» EXTRACTED MATERIAL:
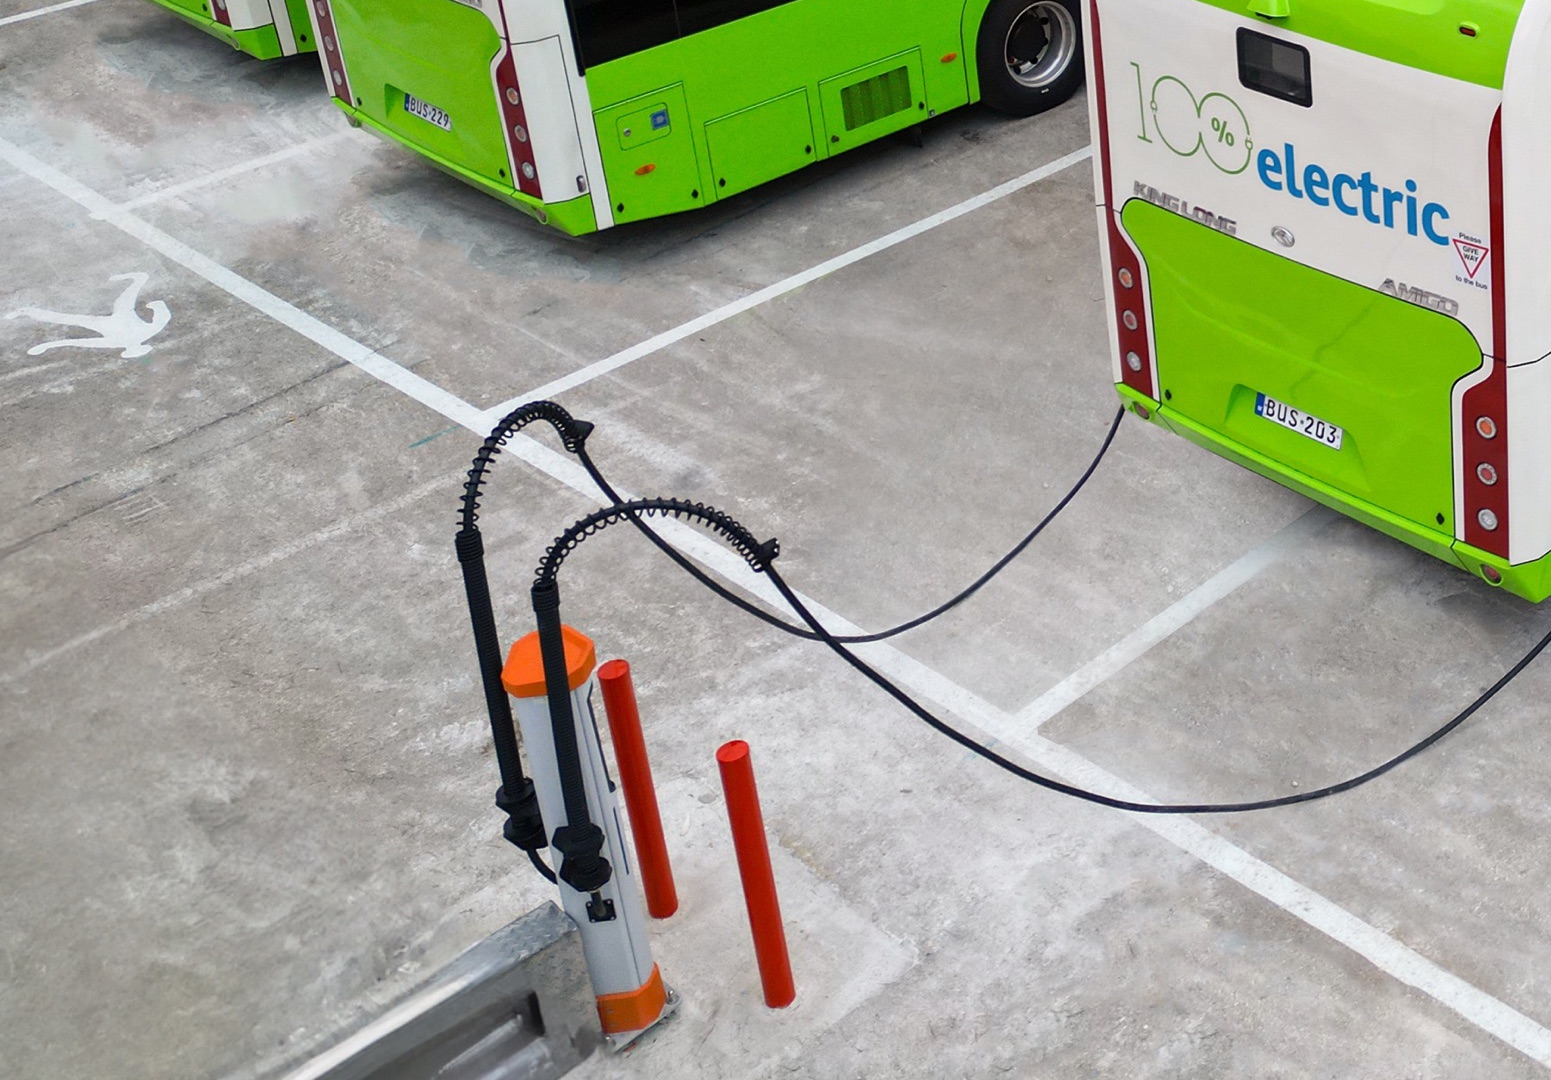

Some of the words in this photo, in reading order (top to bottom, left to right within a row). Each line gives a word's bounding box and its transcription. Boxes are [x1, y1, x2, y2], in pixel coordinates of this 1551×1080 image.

[1256, 142, 1451, 248] electric
[1458, 231, 1482, 244] Please
[1462, 245, 1479, 255] GIVE
[1462, 253, 1479, 262] WAY
[1463, 277, 1474, 285] the
[1475, 280, 1488, 290] bus
[1377, 278, 1459, 317] AMIGO

» WHAT THE TASK ASKS: If the material above contains pictures, exclude them from an otherwise exact transcription.

» EXPECTED ANSWER:
Some of the words in this photo, in reading order (top to bottom, left to right within a row). Each line gives a word's bounding box and its transcription. Boxes are [x1, y1, x2, y2], in pixel coordinates of this 1551×1080 image.

[1256, 142, 1451, 248] electric
[1458, 231, 1482, 244] Please
[1462, 245, 1479, 255] GIVE
[1462, 253, 1479, 262] WAY
[1463, 277, 1474, 285] the
[1475, 280, 1488, 290] bus
[1377, 278, 1459, 317] AMIGO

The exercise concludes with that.